I’ve been dabbling a bit with the mdgriffith/elm-style-animation package for Elm 0.18 and so far it looks like quite a capable library. I did encounter some headwinds with layering multiple effects on the same HTML element at different times, so I scratched out a basic framework for extending animations. I’ll walk you through the basic extensions I’ve layered on top of the standard Elm Architecture.

What’s the goal of all this? Being able to define easily reusable animations, just like CSS classes! And being able to manage the complexity that comes along with creating many different animations.
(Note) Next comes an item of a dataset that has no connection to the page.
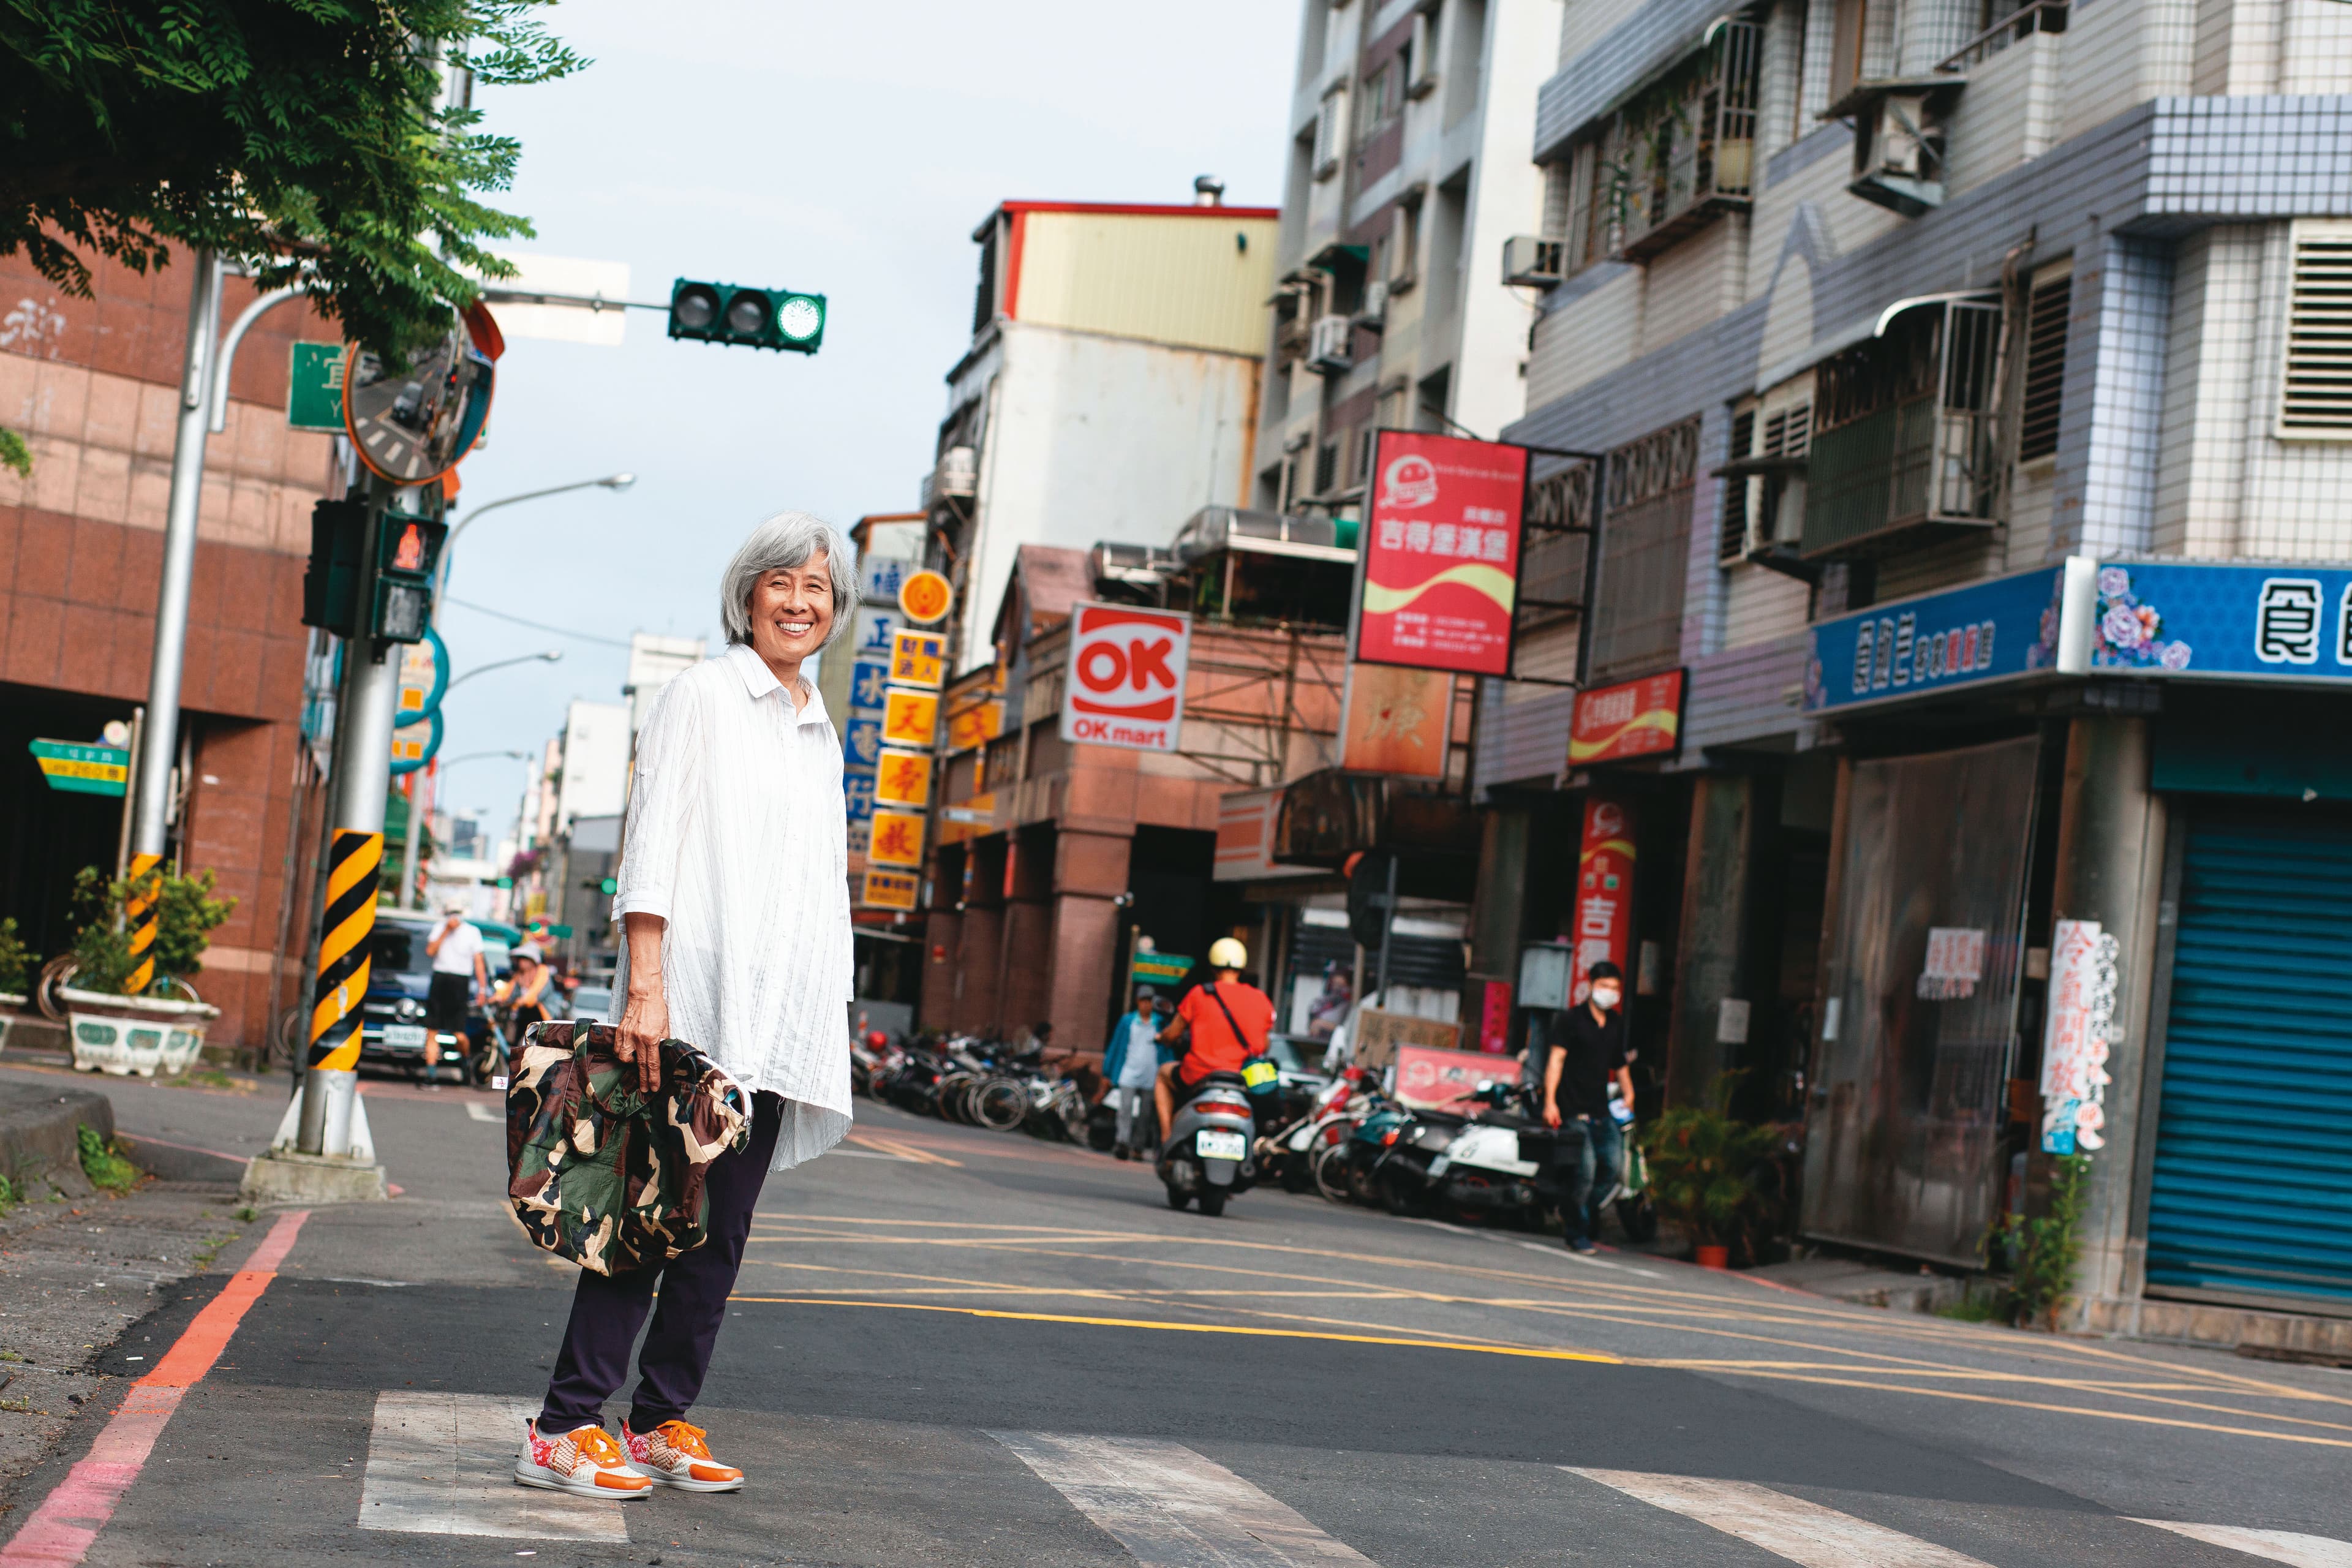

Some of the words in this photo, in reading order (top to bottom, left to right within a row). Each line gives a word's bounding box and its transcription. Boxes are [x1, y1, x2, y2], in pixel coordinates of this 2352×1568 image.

Read on for details, or just grab the code from this Github repo and run with it.

First, some bookkeeping

From a blank directory, you can elm-make to generate the basic project structure. Then, you’ll need to elm-package install the following packages:

• elm-lang/html – for basic HTML functions
• elm-community/easing-functions – for use of easing functions
• mdgriffith/elm-style-animation – for animations

I use Visual Studio Code to manage all this stuff, as I’ve written previously.

Also, our imports:

import Animation
import Animation.Messenger
import Dict exposing (..)
import Ease exposing (..)
import Html exposing (..)
import Html.Attributes exposing (..)
import Html.Events exposing (..)
import Task exposing (..)

The standard Elm Architecture

Okay! Let’s walk through the setup from the standard Elm Architecture. Not much interesting going on here, but I’ll highlight a couple of things. This section is all meant to be cookie-cutter, that you can just copy and paste into your own project as a starting point.

The app entry point

Our app entry point isn’t anything special. I’ll circle back around to initializeApp later.

-- ENTRY POINT

main : Program Never Model Msg
main =
  Html.program
    { init = initializeApp
    , subscriptions = subscriptions
    , update = update
    , view = view
  }

The Model

Up next comes our Model:

-- MODEL

type alias AnimationId =
  String

type alias Model =
  { animations        : Dict AnimationId (Animation.Messenger.State Msg)
  , animationMappings : AnimationMappings
  }

type alias AnimationMappings =
  Dict AnimationId (Maybe (Animation.Messenger.State Msg) -> Animation.Messenger.State Msg)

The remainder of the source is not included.